===== Data listing =====
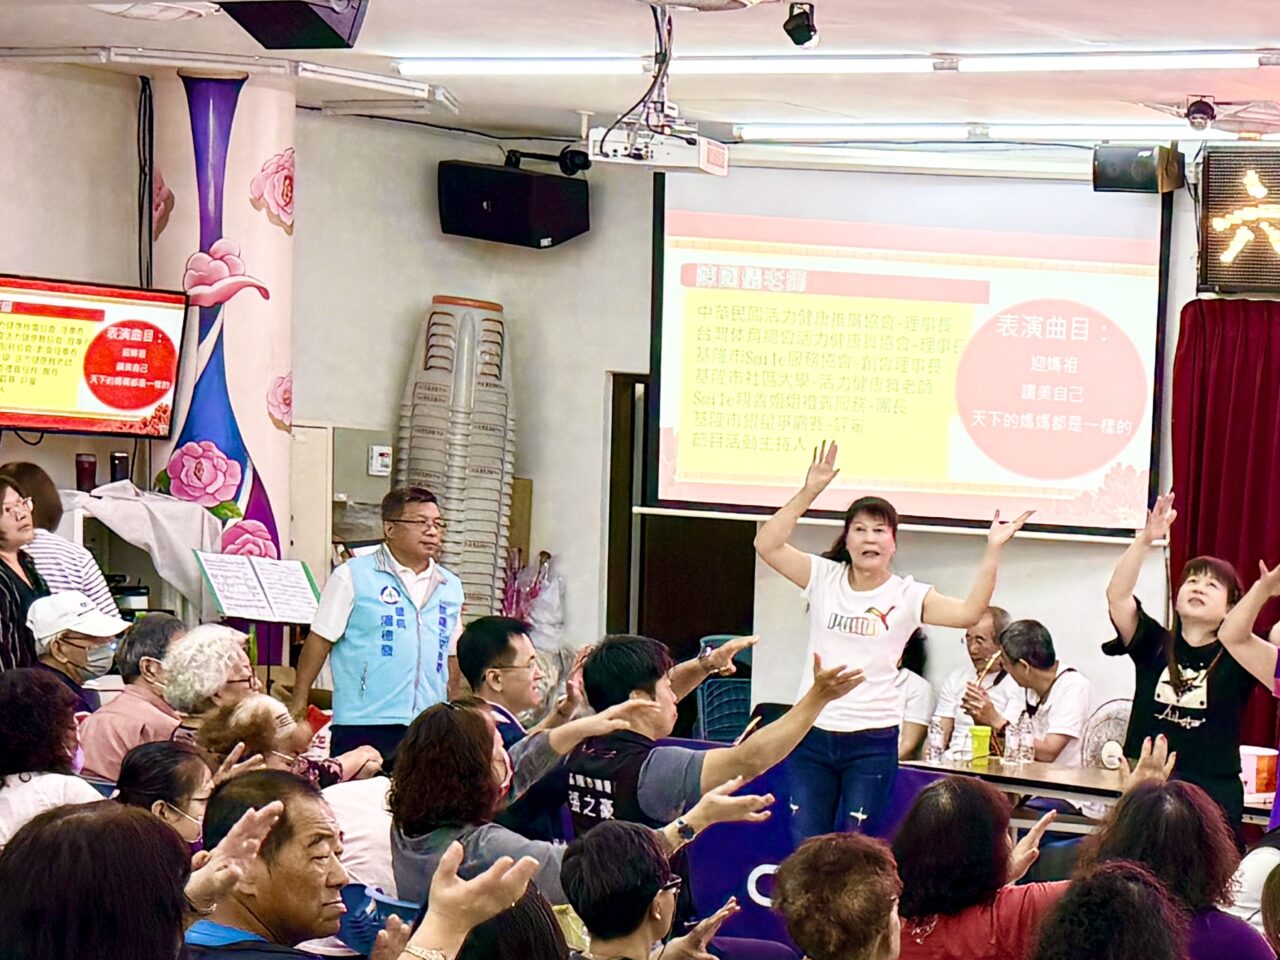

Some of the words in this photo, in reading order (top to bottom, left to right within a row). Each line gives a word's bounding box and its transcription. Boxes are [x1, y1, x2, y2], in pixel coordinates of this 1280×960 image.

[1030, 355, 1078, 373] 迎媽祖
[972, 409, 1133, 436] 天下的媽媽都是一樣的
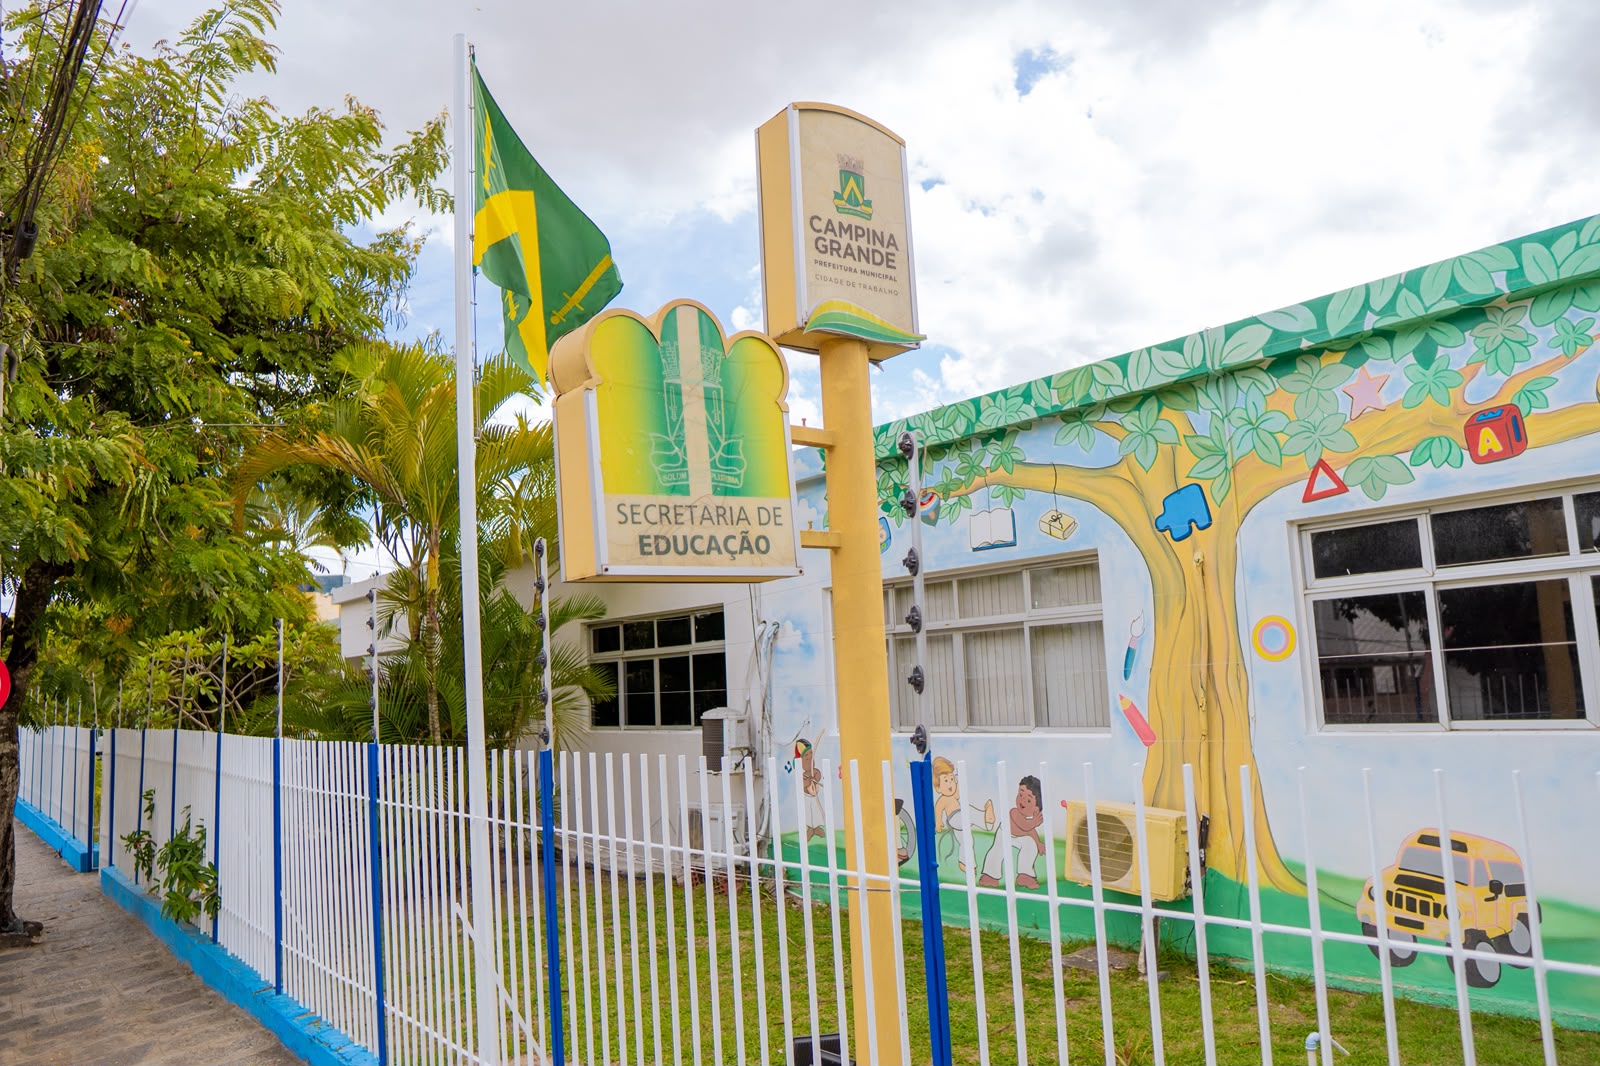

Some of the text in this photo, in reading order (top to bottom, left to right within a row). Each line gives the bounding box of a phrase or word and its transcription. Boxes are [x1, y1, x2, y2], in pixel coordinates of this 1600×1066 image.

[809, 214, 899, 252] CAMPINA
[814, 236, 897, 270] GRANDE
[814, 259, 898, 282] PREFEITURA MUNICIPAL
[815, 273, 899, 296] CIDADE DE TRABALHO
[1478, 427, 1503, 457] A
[616, 503, 783, 526] SECRETARIA DE
[638, 530, 771, 561] EDUCAÇÃO
=====
Task item:
Give back exactly the lines from the one containing "Some of the text" to the end of the material, both ends included.

Response to this task:
Some of the text in this photo, in reading order (top to bottom, left to right within a row). Each line gives the bounding box of a phrase or word and its transcription. Boxes are [x1, y1, x2, y2], in pixel coordinates of this 1600×1066 image.

[809, 214, 899, 252] CAMPINA
[814, 236, 897, 270] GRANDE
[814, 259, 898, 282] PREFEITURA MUNICIPAL
[815, 273, 899, 296] CIDADE DE TRABALHO
[1478, 427, 1503, 457] A
[616, 503, 783, 526] SECRETARIA DE
[638, 530, 771, 561] EDUCAÇÃO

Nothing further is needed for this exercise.